Richard Bowden: the person who turned Don Henley into a musician
Most artists have that one song, musician, or lyric that sparks their desire to become a superstar. It’s more than a passing interest; it’s something powerful enough to put a drumstick in their hand or a microphone in front of them. The biggest artists often have a passion buried deep within, waiting to be unleashed. While Don Henley had a natural love for music, it was Richard Bowden who truly opened the door to his musical world.
Because while Henley certainly admired what he heard on the radio in Linden, Texas, he wasn’t looking to be a musician at first. He had been there to hear the very first broadcast Elvis Presley ever made on the radio, but once The Beatles played The Ed Sullivan Show, he knew that there was something else going on with rock and roll than a handful of chords.
Since Henley’s family wasn’t looking to have a rockstar for a son, though, Henley ended up leaving his hometown for college. Even during his downtime, he admitted that he had no interest in pursuing music as a career, saying, “I took one music classic. I believe it was the beginning theory, and I flunked.
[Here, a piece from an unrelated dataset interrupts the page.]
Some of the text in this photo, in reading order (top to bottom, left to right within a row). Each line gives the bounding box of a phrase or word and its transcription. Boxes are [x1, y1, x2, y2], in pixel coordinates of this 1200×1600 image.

I got an F, but I didn’t really care because I was an English major.”
While Bowden had been friends with Henley for a while, the future Eagles frontman got behind the drumkit because of him, saying, “It all started when I was beating on schoolbooks with my fingers. I would beat out these little candences, and I used to drive my classmates crazy. At some point, someone said, I believe it was Richard Bowden, said, ‘Why don’t you just start playing the drums?.’”
Despite having the kind of singing voice that most people would kill for, the first outfit that Henley and Bowden were in had no singing whatsoever. Since they weren’t as well-versed in rock and roll, much of what they played owed more to Dixieland jazz than anything that Chuck Berry could have conceived.
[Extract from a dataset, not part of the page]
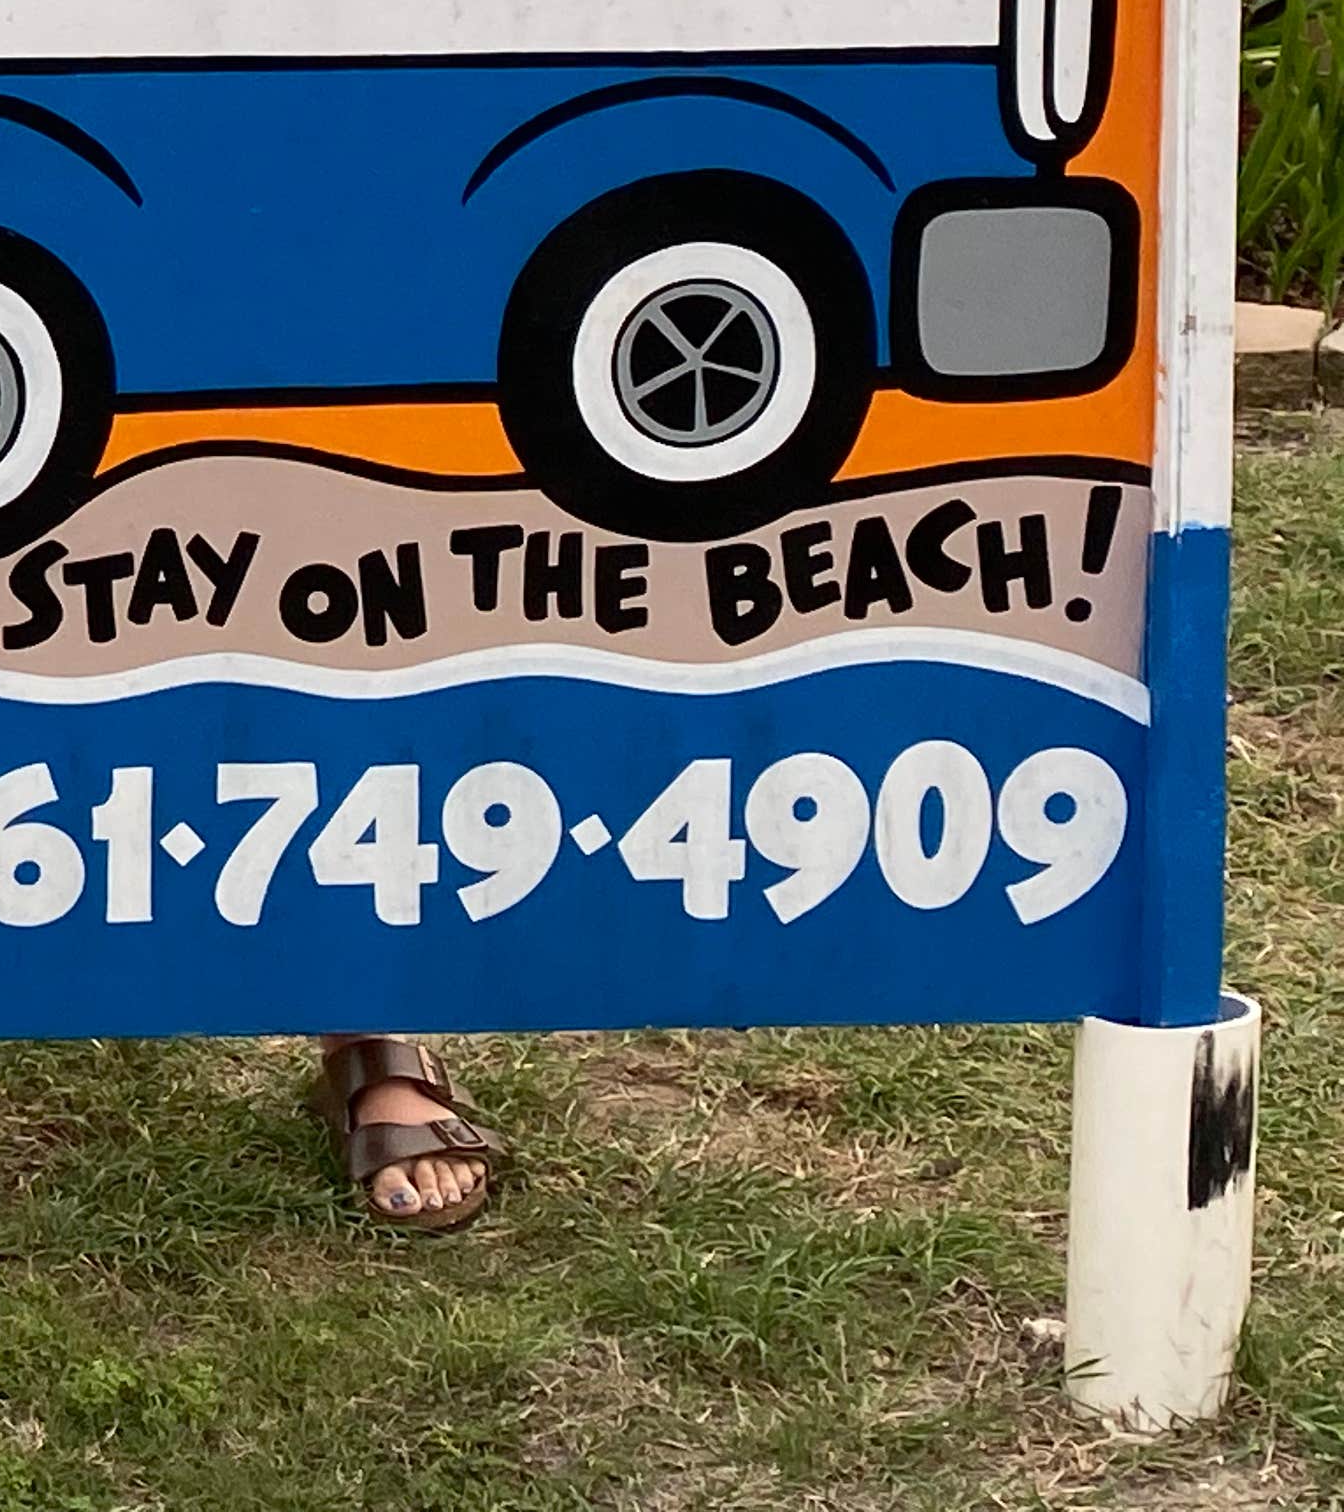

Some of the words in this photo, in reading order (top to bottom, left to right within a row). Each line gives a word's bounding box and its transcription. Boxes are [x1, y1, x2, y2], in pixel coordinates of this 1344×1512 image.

[2, 528, 261, 650] STAY
[278, 542, 428, 647] ON
[450, 525, 650, 634] THE
[705, 486, 1123, 646] BEACH!
Once Henley bothered to open his mouth, though, his next band, Shiloh, was what set him up to become a superstar. Even though he was far away from California, a chance meeting with Kenny Rogers led him out to Los Angeles, where he met Linda Ronstadt and Glenn Frey working on the gig circuit at the Troubadour.
Although Henley was clearly a superstar vocalist, it’s clear that he matured since drumming on his schoolbooks as well. While it would be stretching to call anything that he did too intricate, hearing him adapt to genres like new wave and disco throughout his career showed that he was at least listening to the backbeat of every song to see what people’s ears were attuned to.
While Richard Bowden isn’t the first name that anyone thinks of when talking about the formation of the Eagles it’s important to realise how much his impact was on Henley. Because if it wasn’t for that one passing comment in between classes, songs like ‘The Last Resort’ and ‘The Sad Cafe’ may have turned out to be great tone poems instead of songwriting epics.